Astroloji gibi insanın evreni anlama arayışına yönelik bir uğraşıyı baltalamak, onu hurafe ile bir gören önyargılar ya da kulaktan dolma bilgilerle hareket etmek, bizi olduğumuz yerde de bırakmaz, geri götür.

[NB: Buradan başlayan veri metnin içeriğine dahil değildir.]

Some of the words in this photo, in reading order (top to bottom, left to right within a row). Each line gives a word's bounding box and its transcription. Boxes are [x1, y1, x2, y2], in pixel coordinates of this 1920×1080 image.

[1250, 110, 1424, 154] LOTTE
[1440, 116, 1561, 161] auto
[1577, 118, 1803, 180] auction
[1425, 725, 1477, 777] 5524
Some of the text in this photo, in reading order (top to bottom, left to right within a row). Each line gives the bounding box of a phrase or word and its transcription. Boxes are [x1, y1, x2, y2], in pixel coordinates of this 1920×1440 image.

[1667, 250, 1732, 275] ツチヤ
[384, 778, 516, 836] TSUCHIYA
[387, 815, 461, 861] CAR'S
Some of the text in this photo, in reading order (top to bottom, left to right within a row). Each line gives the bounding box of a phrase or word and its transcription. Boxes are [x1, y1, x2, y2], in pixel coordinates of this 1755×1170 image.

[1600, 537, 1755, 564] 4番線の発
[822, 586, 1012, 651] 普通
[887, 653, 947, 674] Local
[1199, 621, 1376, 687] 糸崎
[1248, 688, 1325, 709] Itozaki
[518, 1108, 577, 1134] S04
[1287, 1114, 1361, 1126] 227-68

Hayrete düşmemek elde değil. Son haftalarda üzerinde konuştuğumuz konulara bakınca, 21. yüzyılda acaba geriye mi gidiyoruz diye soruyoruz kendimize. Belki farkındasınız, zina yasası ile birlikte, gazetelerde Diyanet İşleri Başkanlığı’ndan Astroloji karşıtı bir hutbe haberi de yer aldı. Konuyla ilgili açıklayıcı bilgiler vermenin ve bazı şeyleri hatırlatmanın çok yararlı olacağını düşünüyorum. Zira, hala ülkemizde Astroloji konusunda büyük bir bilgisizlik dikkat çekmeye devam ediyor. Biraz silkinip, çevremize bakalım lütfen. Astroloji, 2000 yılından bu yana ABD ve Avrupa’da değişik üniversitelerde yeniden kürsü sahibi oldu. Seattle Universitesi, Kepler College’da lisans ve yüksek lisans seviyelerinde eğitim yapılıyor. İngiltere’de Kent ve Bath Spa üniversitelerinde yeni yüksek lisans programları açıldı. Astroloji, özellikle sosyal bilimler içinde, kültürel Astronomi boyutuyla ele alınıyor. Allahaşkına, biz hala nelerle uğraşıyoruz. Üzerinde yeteri kadar bilgi sahibi olmadığımız bir konuda bile, yasakçı bir zihniyet beslemek bizi hiçbir yere götürmez.
Halbuki tarihe bakarsak, Astroloji’nin Islam dünyasında çok önemli bir yeri olduğunu ve bu konuda felsefeleri ile dikkat çeken düşünürler, astrologlar olduğunu görebiliriz. 9. yüzyılda, El Kindi, Bağdat’ta bir Bilgelik Evi kurmuştu. Plato, Aristo, Ptoleme ve Öklid’in eserlerini Arapça’ya çevirdi. El Kindi Astroloji üzerine de eserler verdi. Latince’ye de De Radiis olarak çevrilen kitabının adı, Işıklar üzerinedir. Bu kitabında Kindi, evrendeki elementleri göksel ışıkların sürekli değişimi ile açıklıyordu. 8. yüzyılda Basra’da yaşamış olan Meş’Allah gezegen döngüleri üzerine astrolojik eserler verdi. Ebu Meşar ise Astroloji Bilimi’ne giriş adı altında konunun entelektüel temelleri üzerine eğildi. 11. yüzyılda El Biruni unutmayalım. Pek çok konuda, ustalaşan El Biruni’nin Astroloji’nin Elementleri adlı kitabı günümüzde bile merakla okunan bir eserdir. Islam düşünürleri 11. yüzyıla kadar, Astroloji ve Astronomi’nin gelişmesine büyük katkılar sağladılar. Trigonometriyi geliştirdiler, astrolablar yaptılar.
Seyyid Hüseyin Nasr, İslam Kozmoloji Öğretilerine Giriş (1985, İnsan yayınları, sayfa 310) adlı kitabında şöyle diyor: “Ihvan’ı Safa, El Biruni ve İbn Sina gibi müslüman yazarların tabiatı inceleme yaklaşımları- yani kozmolojiyi, metafiziğin bir branşı olarak ele almaları, makrokozmu mikrokozmla benzerlikler kurarak incelemeleri ve tabiatı Allah’ın bir eseri ve tamamen ona bağlı bir düzen olarak gözlemeleri – İslam perspektifine göre yasaldır”
Evrenle insanın uyumunu açıklayan Astroloji, aynı zamanda böyle bir düzenin, şaşmayan döngülerin ve insan hayatındaki dönüşümlerin bir kanıtı olarak bizi Yaradan’a daha yakın kılmıyor mu ? Sadece Astroloji’yi değil, her konuyu kötüye kullananlar olabilir. Bizler kötü doktorlar yüzünden Tıp bilimini yasaklamadığımız gibi, Astroloji konusuna da, artık daha objektif ve araştırmacı bir gözle bakmalıyız. Astroloji gibi insanın evreni anlama arayışına yönelik bir uğraşıyı baltalamak, onu hurafe ile bir gören önyargılar ya da kulaktan dolma bilgilerle hareket etmek, bizi olduğumuz yerde de bırakmaz, geri götür.